Work order.
I would like you to output every record below exactly, apart from the pictures.

Input for this task.
########
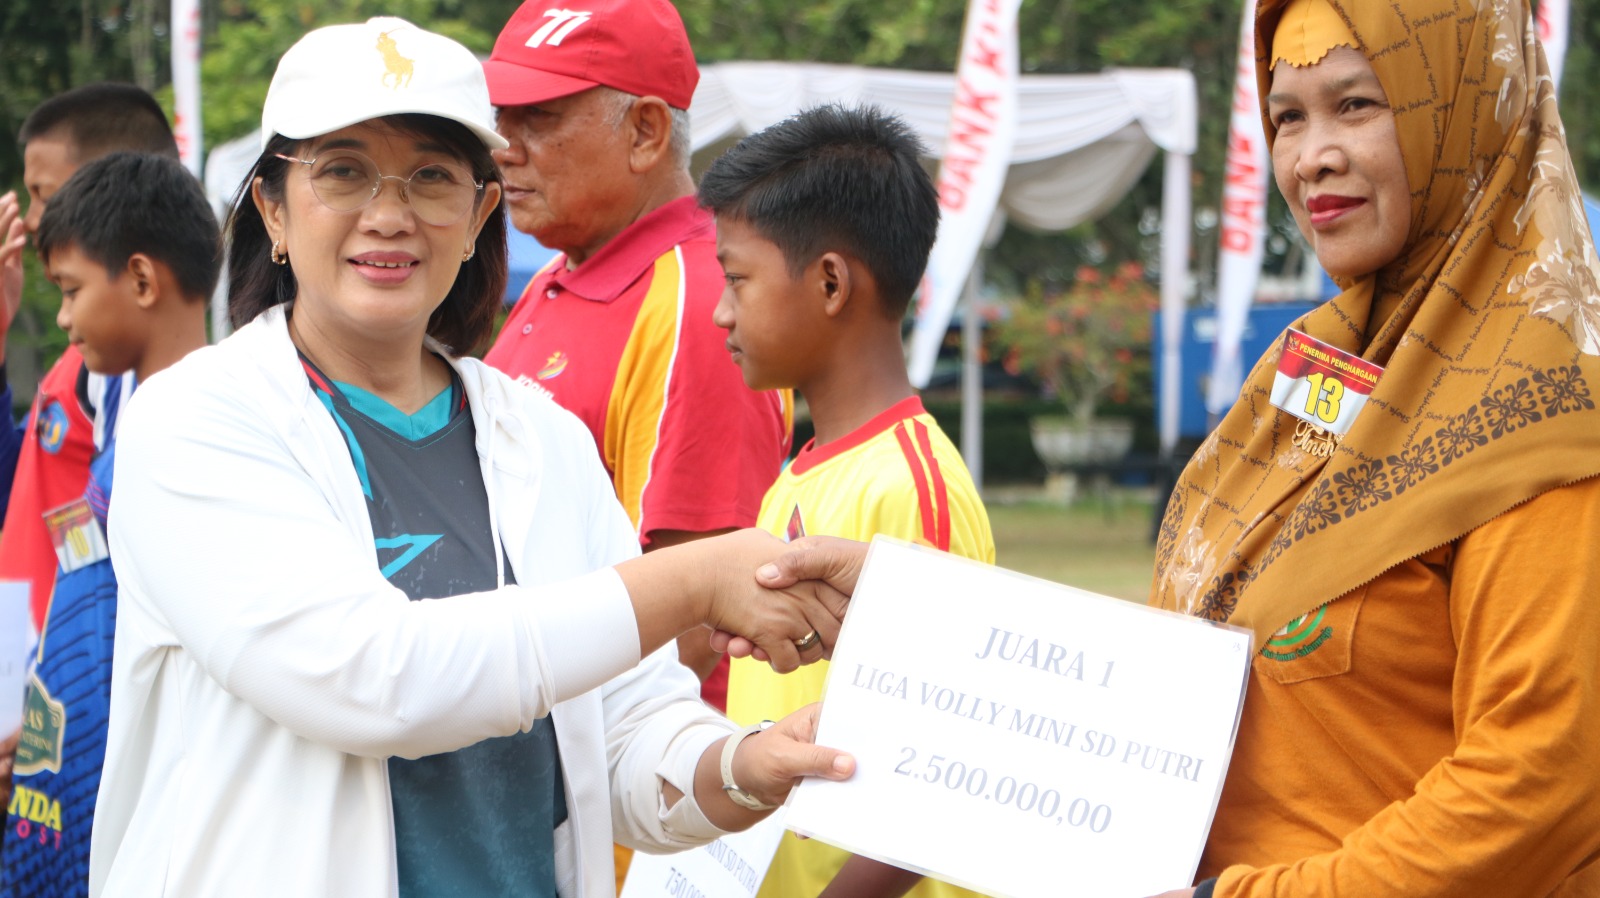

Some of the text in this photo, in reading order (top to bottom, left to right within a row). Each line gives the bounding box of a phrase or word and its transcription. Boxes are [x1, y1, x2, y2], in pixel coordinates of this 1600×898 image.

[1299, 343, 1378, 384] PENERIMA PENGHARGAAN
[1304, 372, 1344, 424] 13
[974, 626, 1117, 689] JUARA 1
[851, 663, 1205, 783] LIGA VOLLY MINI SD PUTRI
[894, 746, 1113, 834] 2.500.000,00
########
Worked solution.
Some of the text in this photo, in reading order (top to bottom, left to right within a row). Each line gives the bounding box of a phrase or word and its transcription. Boxes are [x1, y1, x2, y2], in pixel coordinates of this 1600×898 image.

[1299, 343, 1378, 384] PENERIMA PENGHARGAAN
[1304, 372, 1344, 424] 13
[974, 626, 1117, 689] JUARA 1
[851, 663, 1205, 783] LIGA VOLLY MINI SD PUTRI
[894, 746, 1113, 834] 2.500.000,00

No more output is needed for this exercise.